Talos's inborn skill was a blessing, and as Calvin rightly pointed out, it was a devil’s gift. It helped him gain admission to pre-university in a niche psychology course, which was a mentate training. An experiment of sorts, to revive the branch. And for the world’s sake, it was a failure.
Heightening. That was the name of his ability, to heighten or charge any bodily function. Talos used it as a power enhancer, it helped him work at his father’s job— to haul things. A cheap ability, yet it was recognized in an unexpected place, granting him a scholarship in return for participating in psychic experiments.
In retrospect, he should have never agreed to it. They helped him learn to tap into specific parts of the brain, to trigger hormones without any external drugs. To enhance the mind’s capabilities, combining the system’s and conditioning of a machine resulted in mind acceleration.
It was laughable since the very same could be achieved through magical means, with less time and resources.
After the desultory walk, Talos found himself near the border between the Olivan sector and the Nova Echelon. Nothing of a gate or a toll separated them, only a small stair. Yet for those below B-class citizen’s the tax increased exponentially in Nova Echelon.

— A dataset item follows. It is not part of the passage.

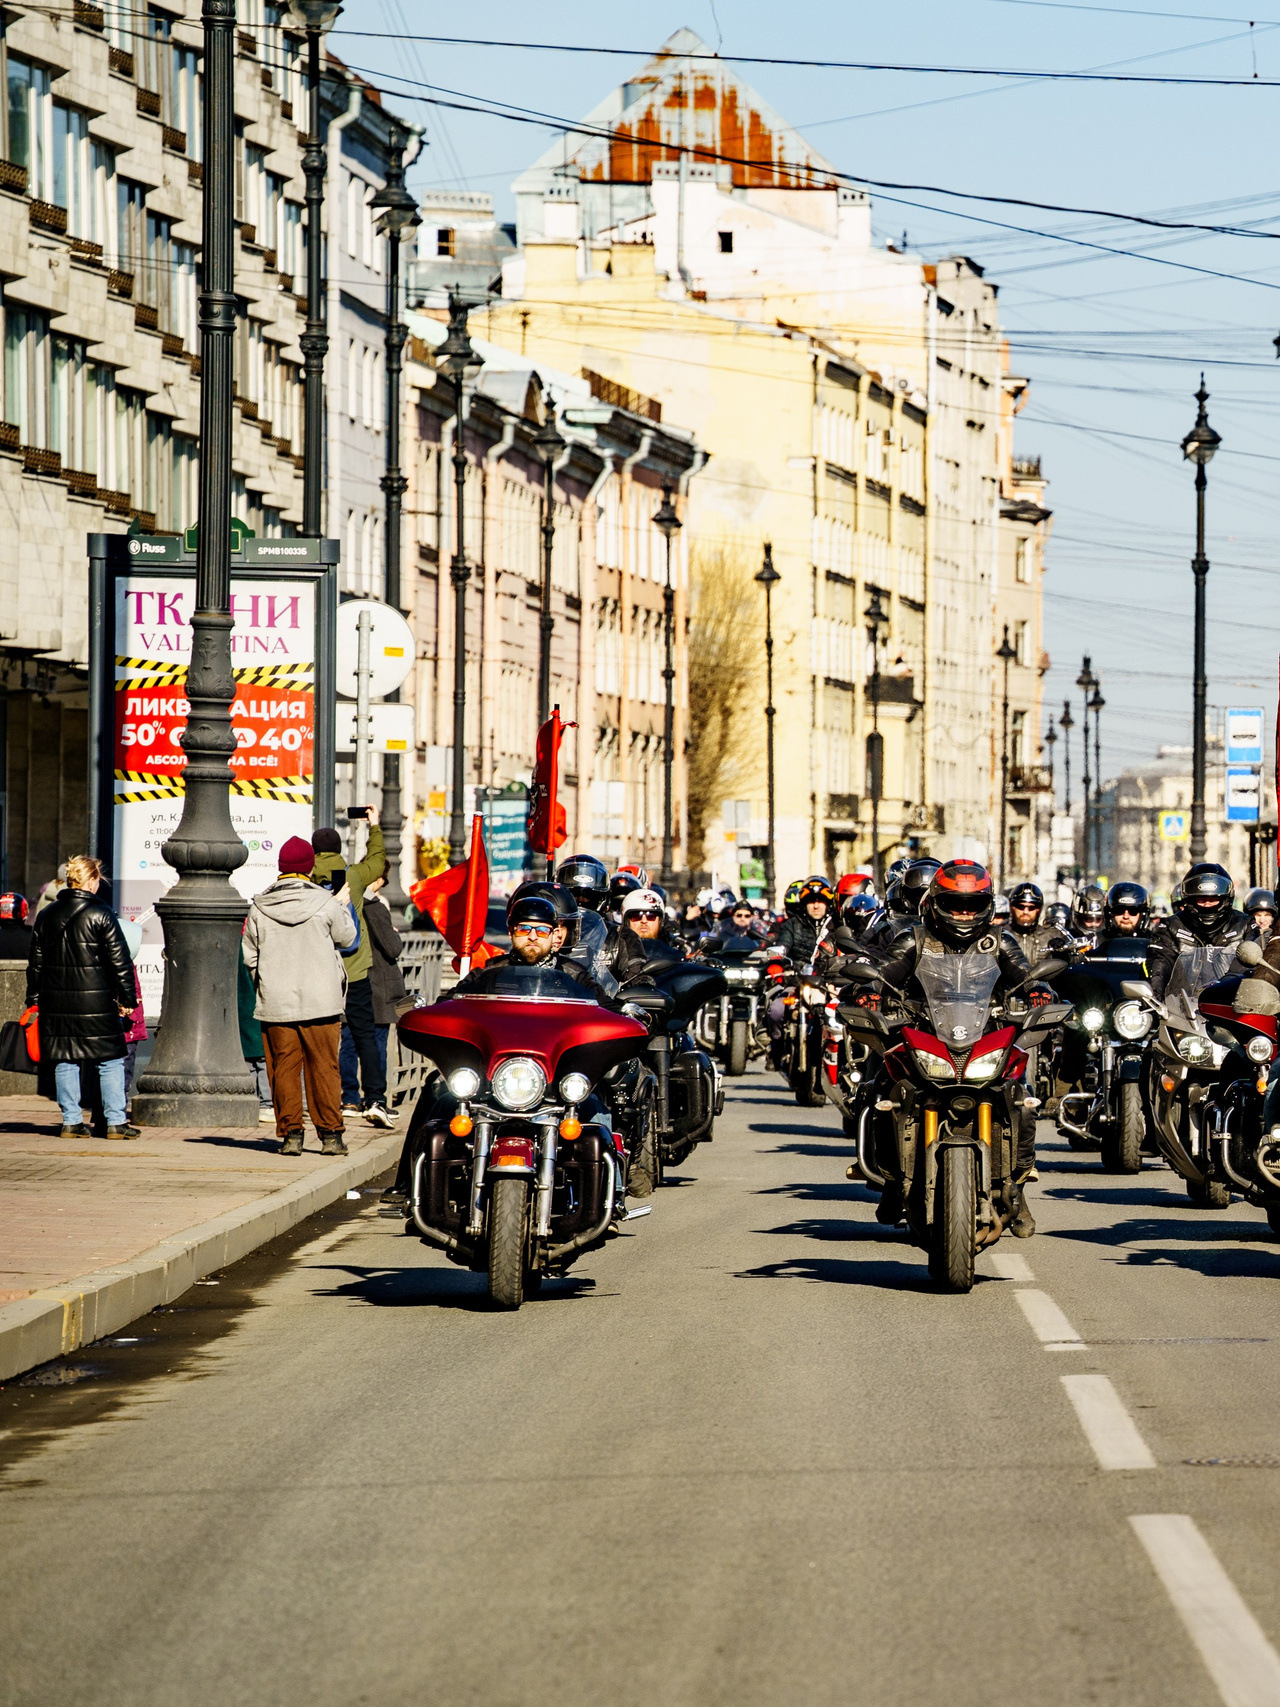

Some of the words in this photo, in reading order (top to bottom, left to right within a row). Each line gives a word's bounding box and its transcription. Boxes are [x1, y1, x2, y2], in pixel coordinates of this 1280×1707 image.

The soft thumps of boots announced his target's arrival. The affliction of spontaneous calculation’s which Talos called visions, informed him of key conjectures of possibilities, variations of the future. The more the data and the less the impact of an event, the smaller the error margin. Calvin termed it Divination, a ridiculous interpretation but apt in its function. And Talos had divined the future of these two.
The man noticed Talos first and shielded the woman. Talos applied Heightening on his brain functions. He perceived the world differently then. Talos couldn’t move, the world slowed, and he heard the strong thud of his heart, the flow of blood through his veins and the twitches of his muscles as they readied for violence. The man was a pure mage. Talos watched the man’s right hand raise slowly, a potent spell in making, but he never finished it. Talos’s hand blurred, and in the next moment, a gunshot rang. The blood from the mage’s hand plastered on the shocked woman. Then another bullet that wasted the other hand of the man.
The woman stood there motionless and mute as Talos walked away, dragging the man. Her face spoke to Talos, her eyes condemned him, and Calvin’s eyes condemned him, for his lover who was murdered. Guilt and shame constantly tripped Talos along the way.
Yet, a man faced with necessity would commit any heinous crime. Talos wondered then, was it the necessity that drove him or the surrender of hope to think any alternative? Is it bleak cynicism that blinded him to any other possibilities? His own pessimistic mind finding expression in reality?